Archaeological evidence for making cheese in Egypt goes back about 5,000 years. In 2018, archeologists from Cairo University and the University of Catania reported the discovery of the oldest known cheese from Egypt. Discovered in the Saqqara necropolis, it is around 3,200 years old. Earlier, remains identified as cheese were found in the funeral meal in an Egyptian tomb dating around 2900 BC. Visual evidence of Egyptian cheesemaking was found in Egyptian tomb murals made in approximately 2000 BC.

=== Ancient Europe ===
Cheese-making was known in Europe at the earliest level of Hellenic myth. (Note: The archaic myth of the culture-hero Aristaeus, who introduced bee-keeping and cheese-making before wine was known in Greece.) According to Pliny the Elder, cheese became a sophisticated enterprise at the start of the ancient Rome era. During the ancient Rome era, valued foreign cheeses were transported to Rome to satisfy the tastes of the social elite.

=== Ancient Mediterranean ===
Ancient Greek mythology credited Aristaeus with the discovery of cheese. Homer's Odyssey (late 8th century BC) describes the Cyclops producing and storing sheep's and goat's milk and cheese:

We soon reached his cave, but he was out shepherding, so we went inside and took stock of all that we could see. His cheese-racks were loaded with cheeses, and he had more lambs and kids than his pens could hold [...] When he had so done he sat down and milked his ewes and goats, all in due course, and then let each of them have her own young.

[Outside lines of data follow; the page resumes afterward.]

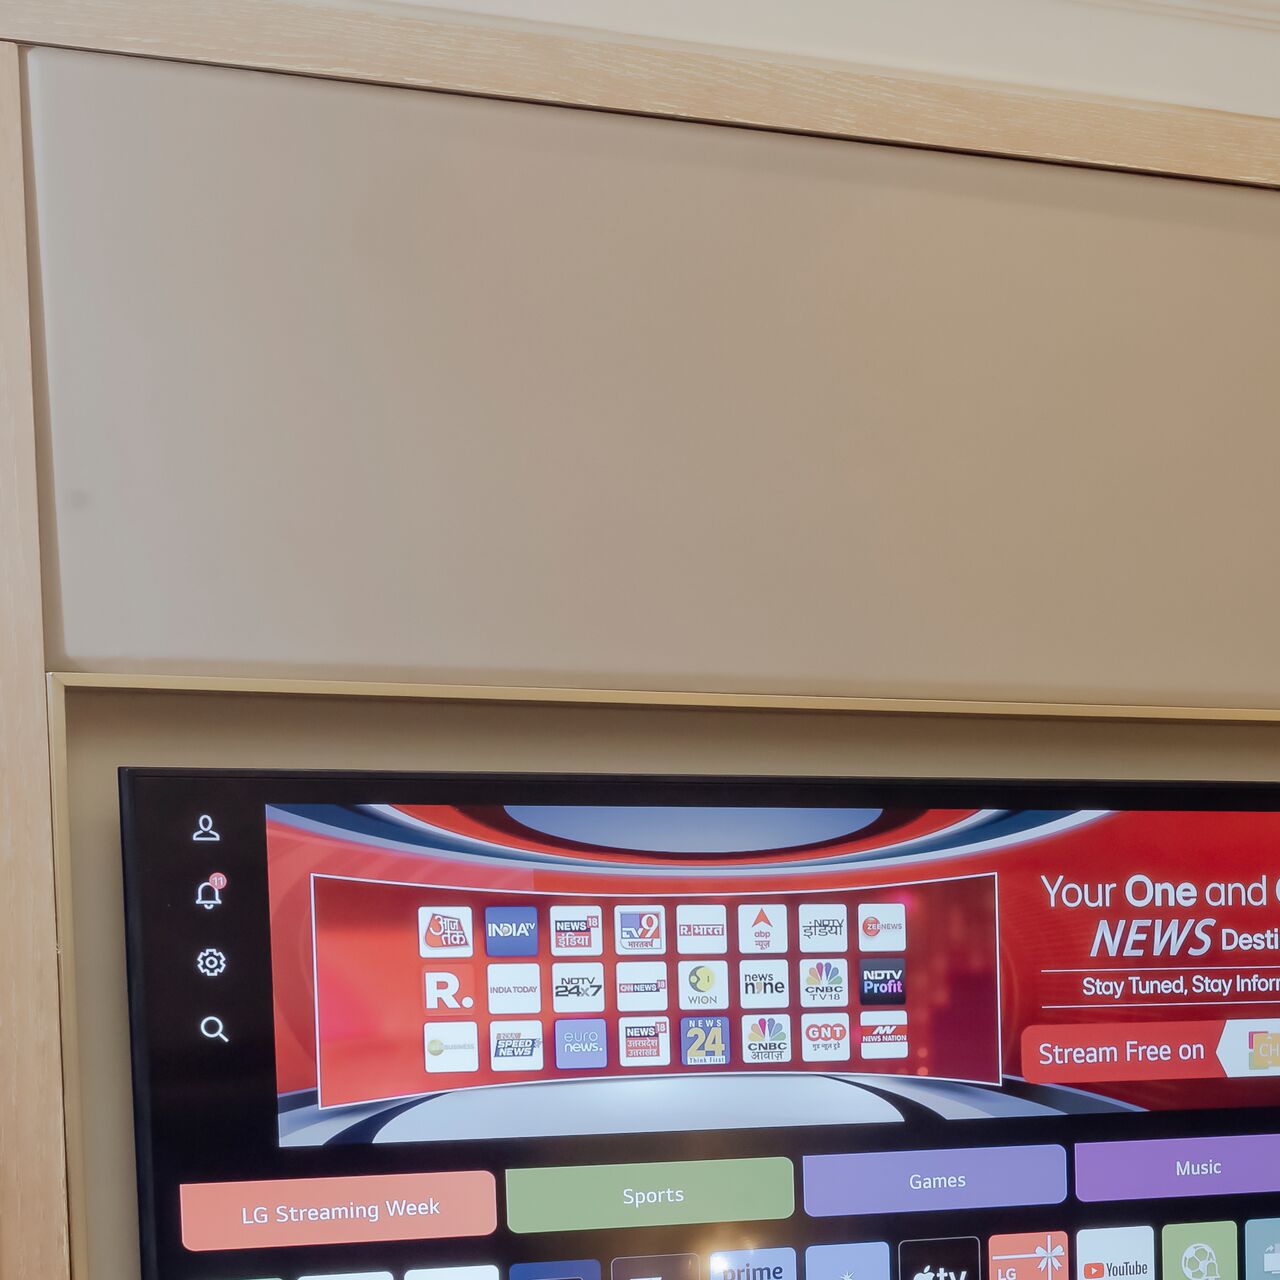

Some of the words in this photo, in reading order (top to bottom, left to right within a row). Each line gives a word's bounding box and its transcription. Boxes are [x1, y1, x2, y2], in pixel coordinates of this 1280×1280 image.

[1040, 875, 1117, 908] Your
[1125, 875, 1198, 907] One
[1205, 875, 1267, 906] and
[557, 922, 586, 931] NEWS
[588, 917, 598, 927] 18
[557, 933, 589, 947] इंडिया
[755, 930, 770, 940] abp
[1090, 919, 1216, 957] NEWS
[561, 977, 596, 985] NDTV
[744, 973, 774, 982] news
[864, 970, 902, 980] NDTV
[490, 986, 512, 994] INDIA
[513, 985, 538, 993] TODAY
[634, 984, 657, 992] NEWS
[864, 979, 903, 994] Profit
[1082, 977, 1125, 999] Stay
[1127, 976, 1188, 996] Tuned,
[1191, 975, 1233, 997] Stay
[688, 995, 717, 1004] WION
[810, 993, 840, 1001] TV18
[627, 1027, 655, 1036] NEWS
[656, 1023, 665, 1031] 18
[689, 1019, 722, 1027] NEWS
[564, 1031, 598, 1041] euro
[808, 1026, 843, 1039] GNT
[498, 1040, 533, 1048] SPEED
[687, 1027, 725, 1057] 24
[748, 1042, 787, 1050] CNBC
[499, 1048, 531, 1056] NEWS
[1039, 1043, 1118, 1065] Stream
[1126, 1041, 1171, 1062] Free
[1178, 1043, 1205, 1060] on
[1259, 1043, 1280, 1057] CH
[1176, 1159, 1222, 1176] Music
[909, 1173, 966, 1190] Games
[623, 1188, 684, 1208] Sports
[242, 1206, 269, 1225] LG
[276, 1202, 380, 1223] Streaming
[385, 1198, 441, 1217] Week
[1106, 1260, 1148, 1278] YouTube
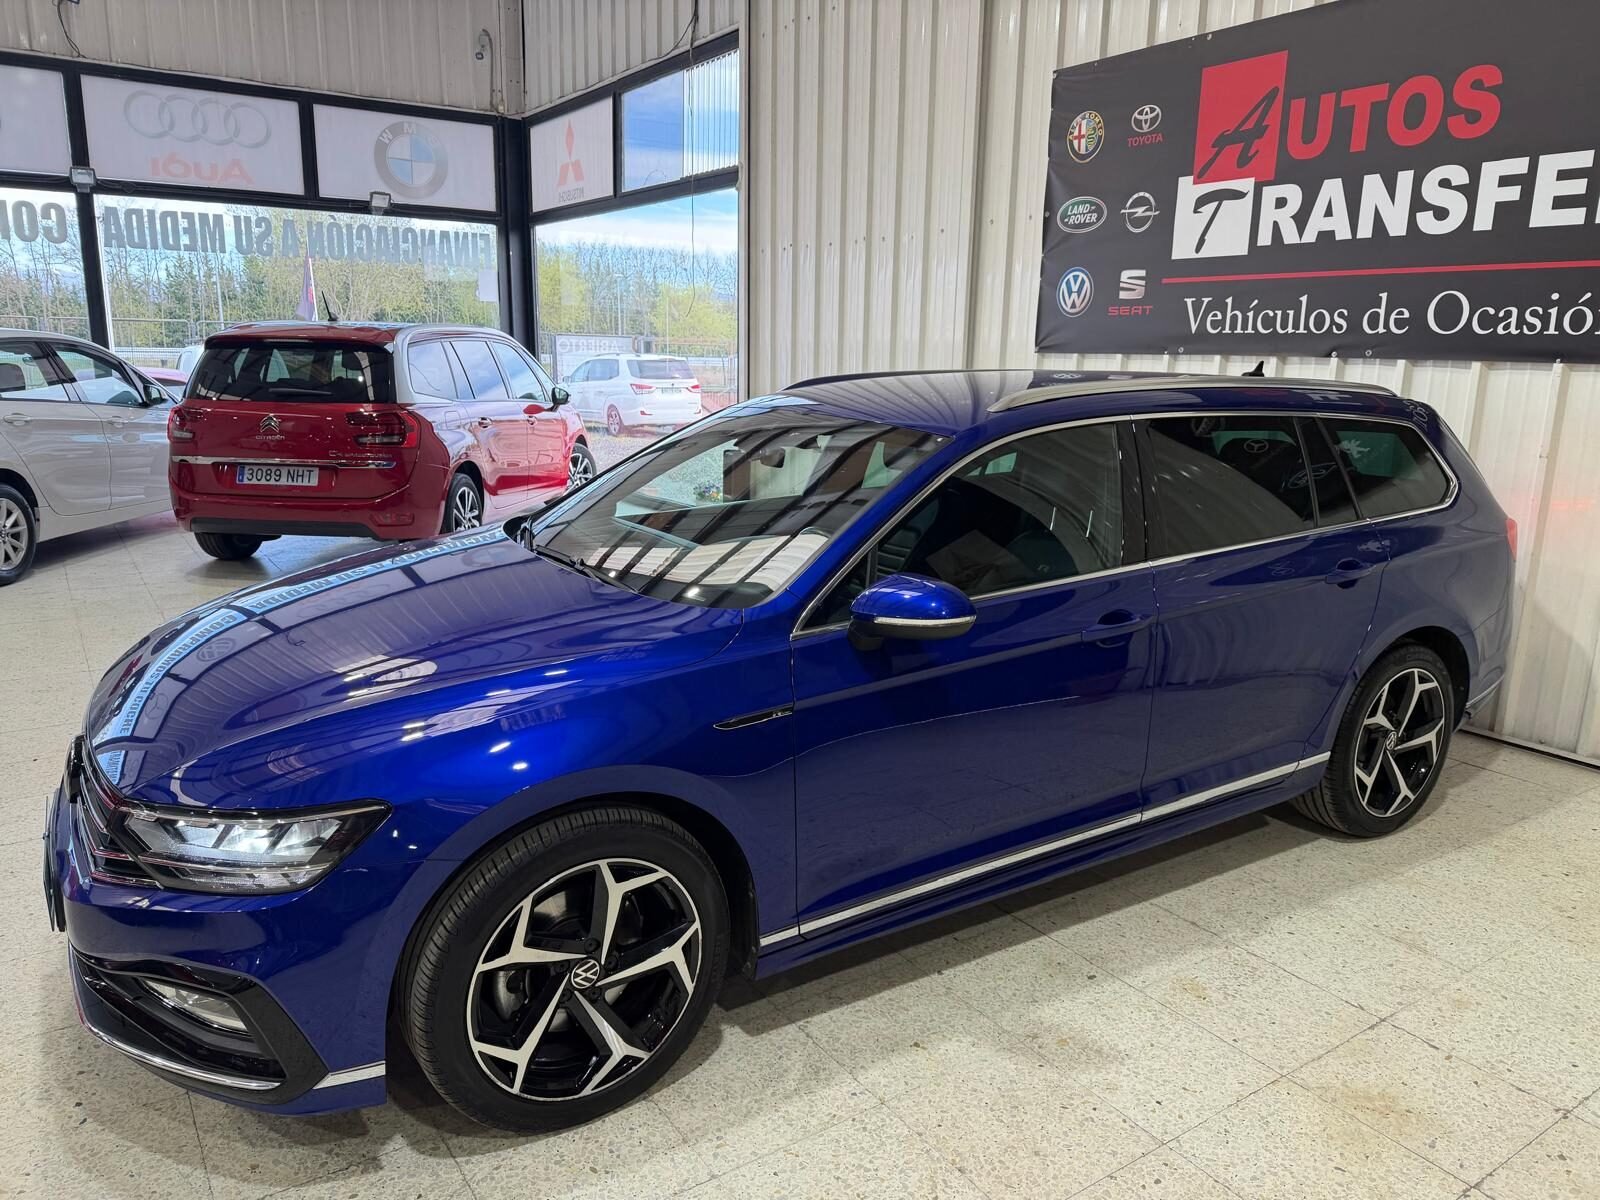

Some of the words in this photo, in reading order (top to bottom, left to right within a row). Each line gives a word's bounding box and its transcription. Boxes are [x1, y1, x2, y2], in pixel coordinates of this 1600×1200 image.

[1196, 64, 1504, 180] AUTOS
[1127, 133, 1164, 148] TOYOTA
[1067, 203, 1091, 216] LAND
[1193, 149, 1600, 254] TRANSFE
[1067, 212, 1098, 225] ROVER
[1107, 305, 1153, 316] SEAT
[1184, 292, 1348, 335] Vehículos
[1362, 291, 1411, 335] de
[1427, 289, 1600, 336] Ocasió
[246, 467, 282, 482] 3089
[286, 468, 315, 484] NHT
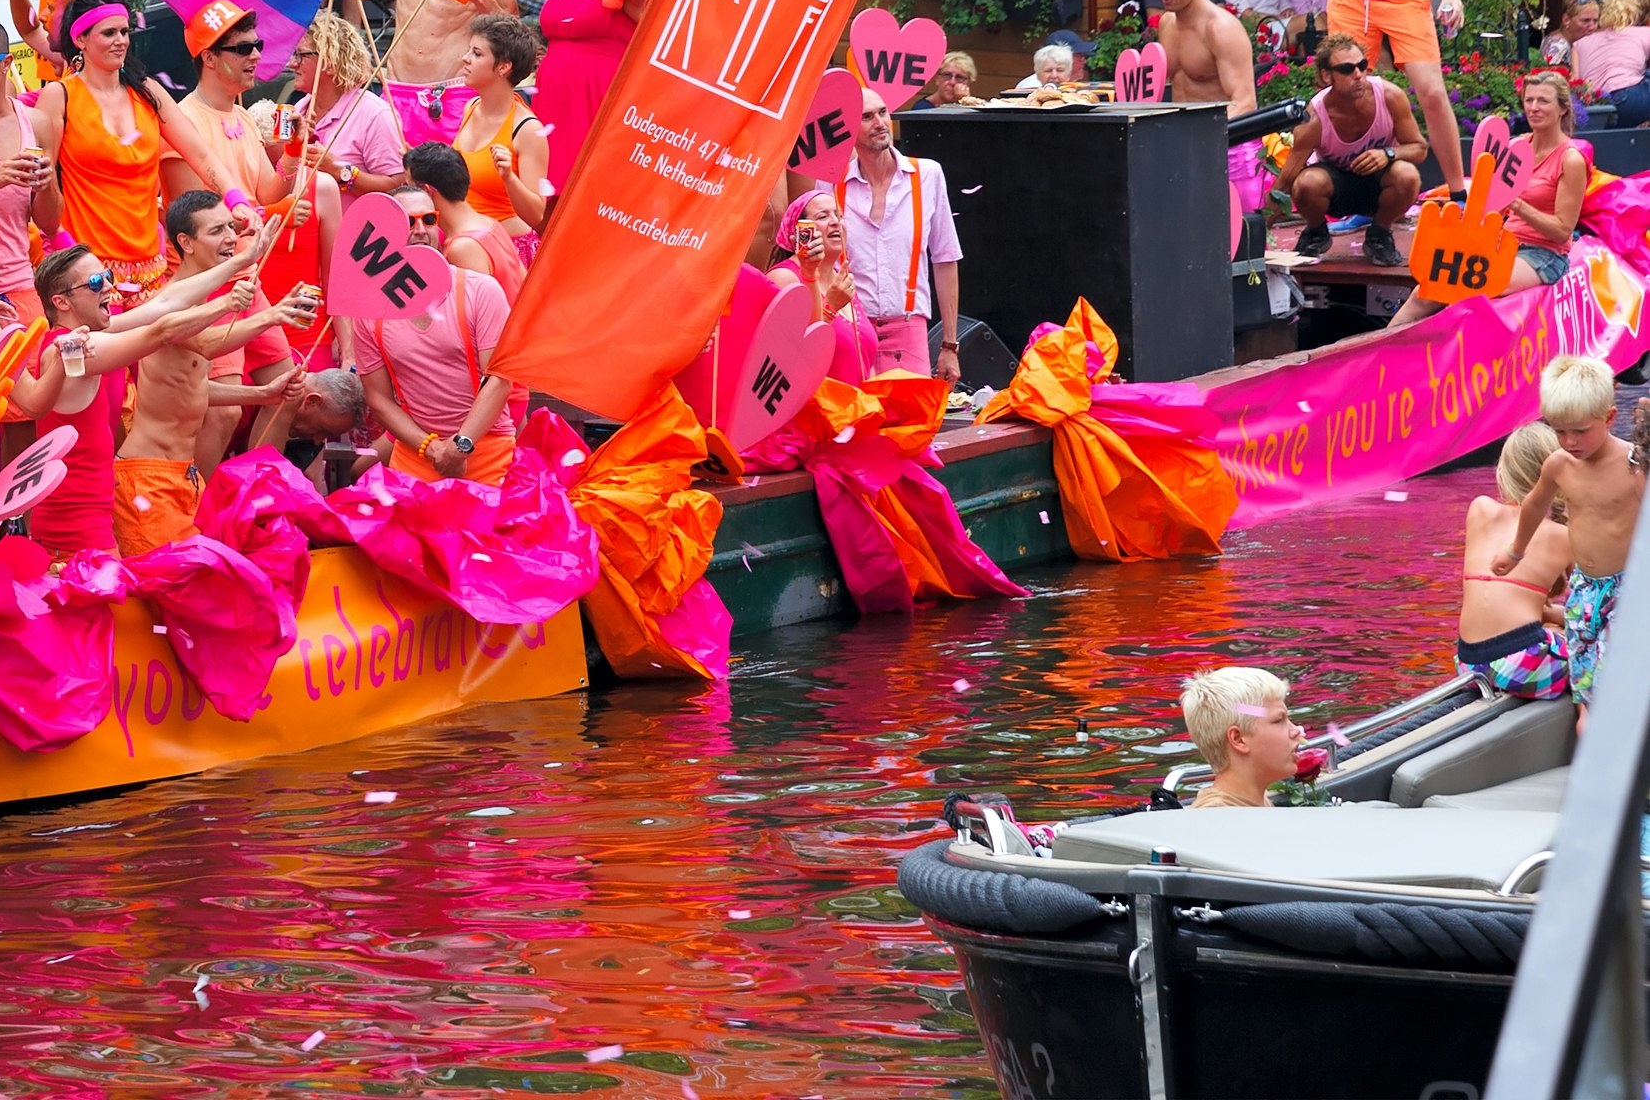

He curdled half the milk and set it aside in wicker strainers.

A letter of Epicurus to his patron requests a wheel of hard cheese so that he may make a feast whenever he wishes. Pliny recorded the Roman tradition that Zoroaster had lived on cheese.

By Roman times, cheese-making was a common practice and food group. Columella's De Re Rustica (c. 65 CE) details a cheese-making process involving rennet coagulation, pressing of the curd, salting, and aging. Pliny's Natural History (77 CE) devotes two chapters (XI, 96–97) to the diversity of cheeses enjoyed by Romans of the early Empire. He stated that the best cheeses came from pagi near Nîmes, were identifiable as Lozère and Gévaudan, and had to be eaten fresh.

== Post-Roman History: Europe, Asia and the Americas (500CE - 1800 CE) ==

=== Europe ===
Most named cheeses known today were initially recorded in the late Middle Ages. The existence of cheddar has been recorded since the 1500s, the production of Parmesan (Parmigiano) began in 1200, Gouda in 1697, and Camembert in 1791. Cheeses diversified in Europe with locales developing their own traditions and products when Romanized populations encountered unfamiliar neighbors with their own cheese-making traditions. As long-distance trade collapsed, only travelers encountered unfamiliar cheeses. Charlemagne's first encounter with an edible rind white cheese forms one of the constructed anecdotes of Notker's Life of the Emperor. Cheese-making in manor and monastery intensified local characteristics imparted by local bacterial flora while the identification of monks with cheese is sustained through modern marketing labels. This also led to a diversity of cheese types.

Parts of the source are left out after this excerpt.